◆ **Exercise directions**:
What is needed is an exact copy of the records, with the images left out.

◆ **Records supplied**:
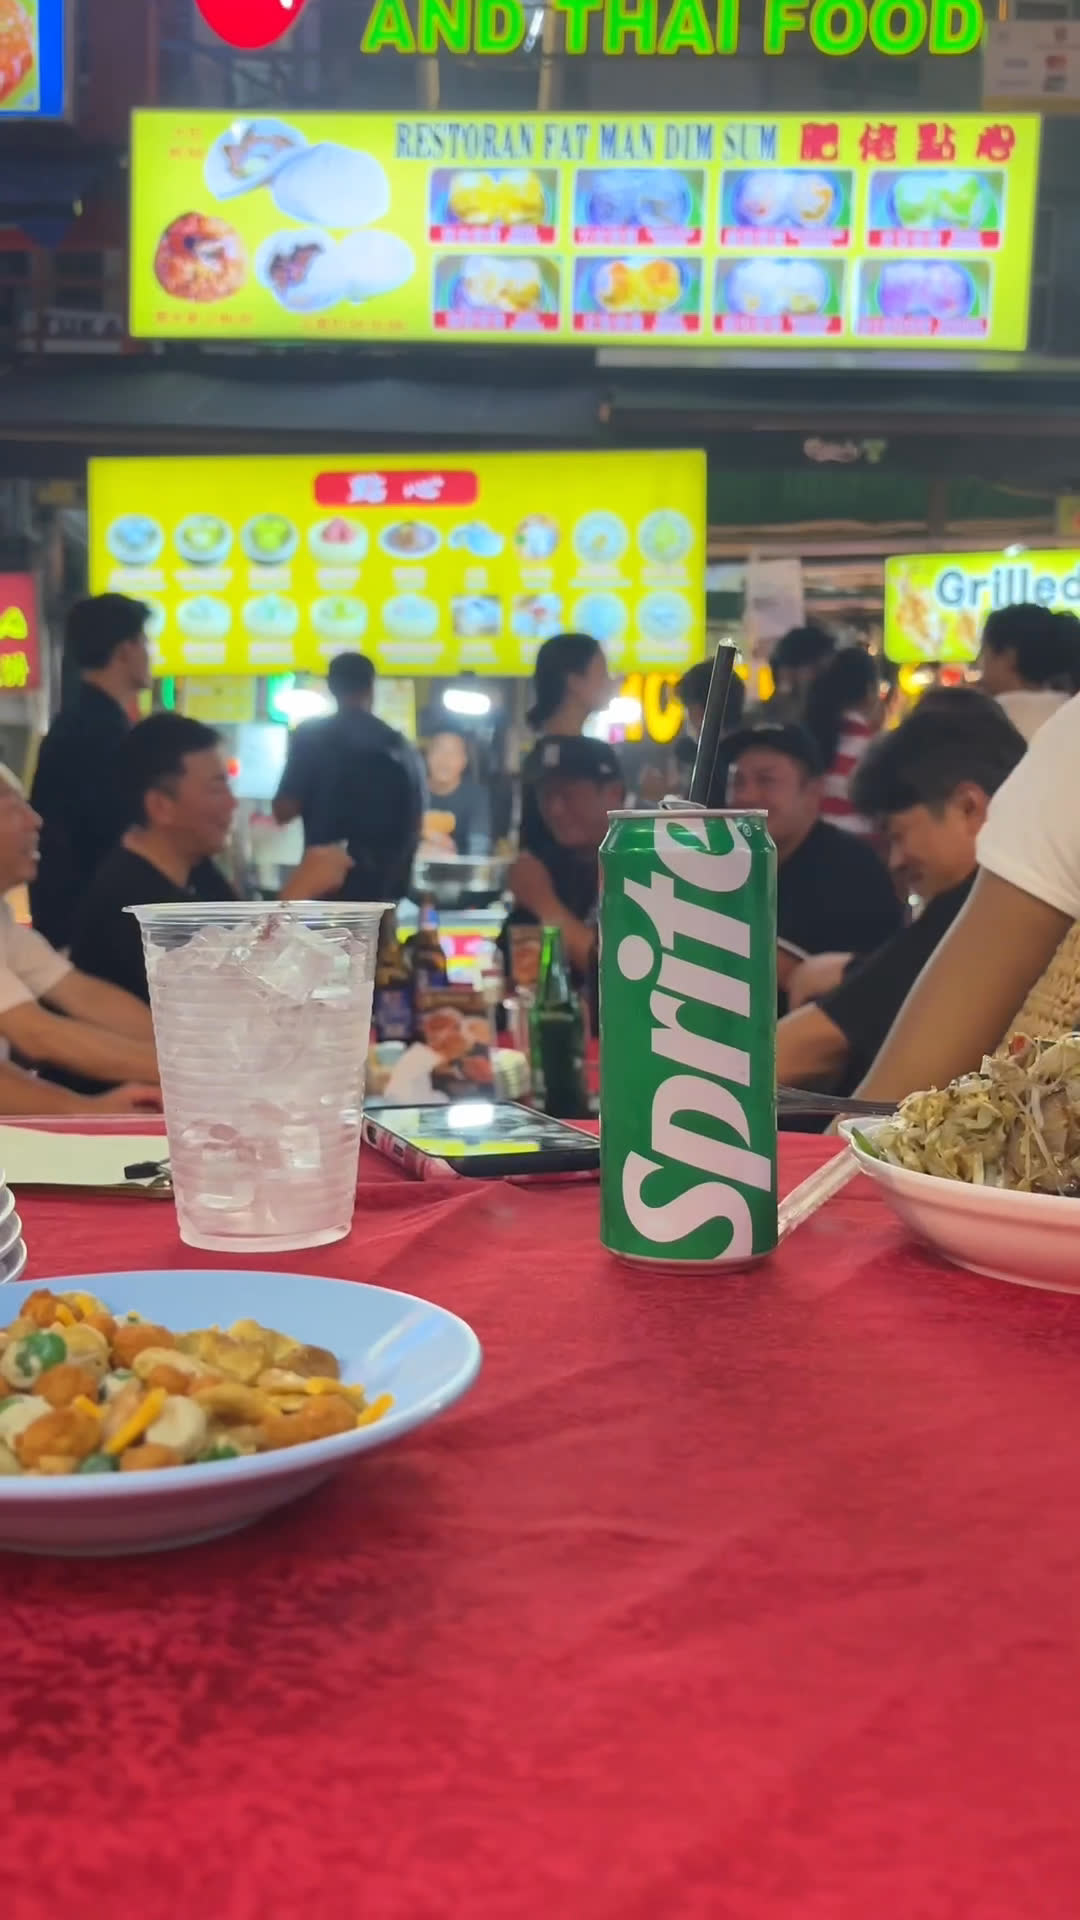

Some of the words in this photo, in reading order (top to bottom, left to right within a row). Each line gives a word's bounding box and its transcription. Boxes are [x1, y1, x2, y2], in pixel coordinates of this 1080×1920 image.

[361, 0, 528, 54] AND
[555, 0, 740, 55] THAI
[764, 0, 984, 56] FOOD
[396, 122, 534, 159] RESTORAN
[543, 123, 590, 160] FAT
[599, 123, 655, 161] MAN
[664, 124, 714, 161] DIM
[722, 124, 778, 161] SUM
[617, 817, 772, 1261] Sprite
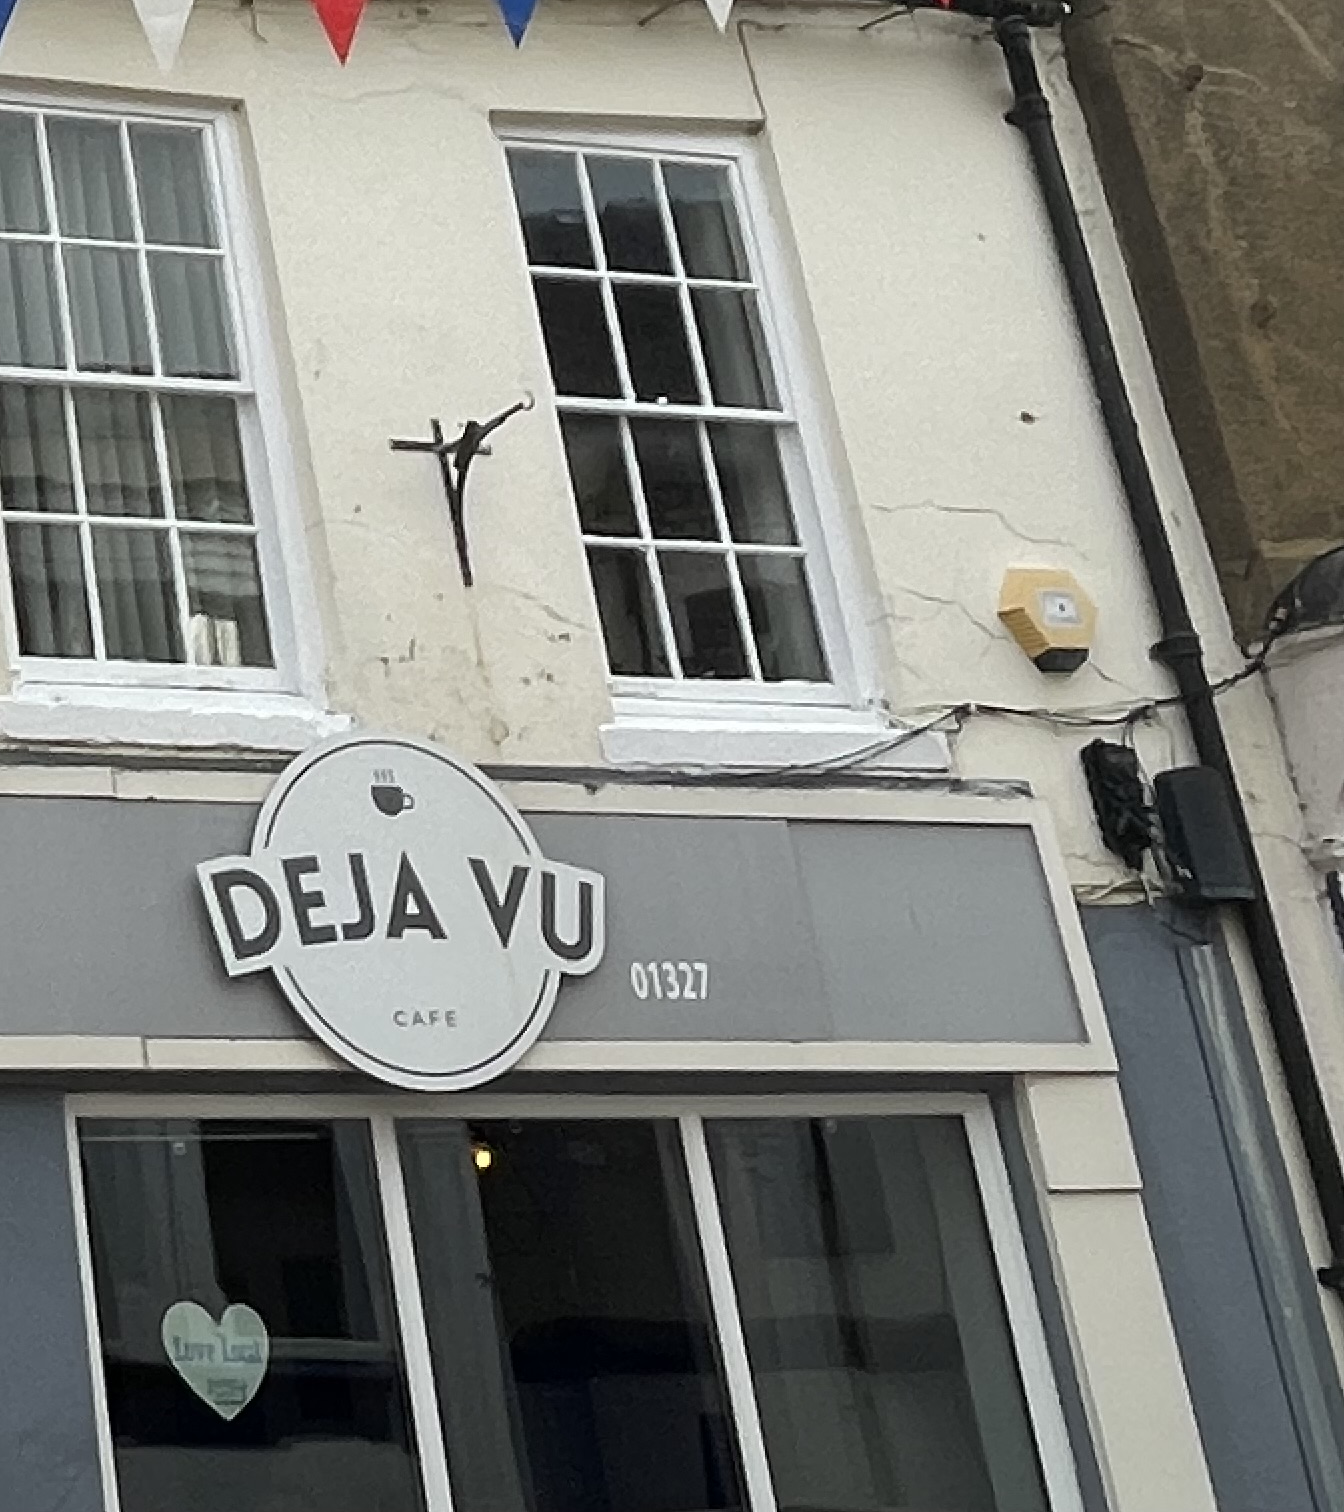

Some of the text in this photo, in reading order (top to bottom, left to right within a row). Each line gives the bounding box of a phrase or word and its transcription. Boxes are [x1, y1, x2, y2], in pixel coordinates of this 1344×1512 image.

[210, 851, 593, 961] DEJA VU
[630, 961, 708, 1000] 01327
[393, 1009, 457, 1027] CAFE

◆ **Finished task**:
Some of the words in this photo, in reading order (top to bottom, left to right within a row). Each line gives a word's bounding box and its transcription. Boxes are [x1, y1, x2, y2], in pixel coordinates of this 1080×1920 image.

[361, 0, 528, 54] AND
[555, 0, 740, 55] THAI
[764, 0, 984, 56] FOOD
[396, 122, 534, 159] RESTORAN
[543, 123, 590, 160] FAT
[599, 123, 655, 161] MAN
[664, 124, 714, 161] DIM
[722, 124, 778, 161] SUM
[617, 817, 772, 1261] Sprite

Some of the text in this photo, in reading order (top to bottom, left to right within a row). Each line gives the bounding box of a phrase or word and its transcription. Boxes are [x1, y1, x2, y2], in pixel coordinates of this 1344×1512 image.

[210, 851, 593, 961] DEJA VU
[630, 961, 708, 1000] 01327
[393, 1009, 457, 1027] CAFE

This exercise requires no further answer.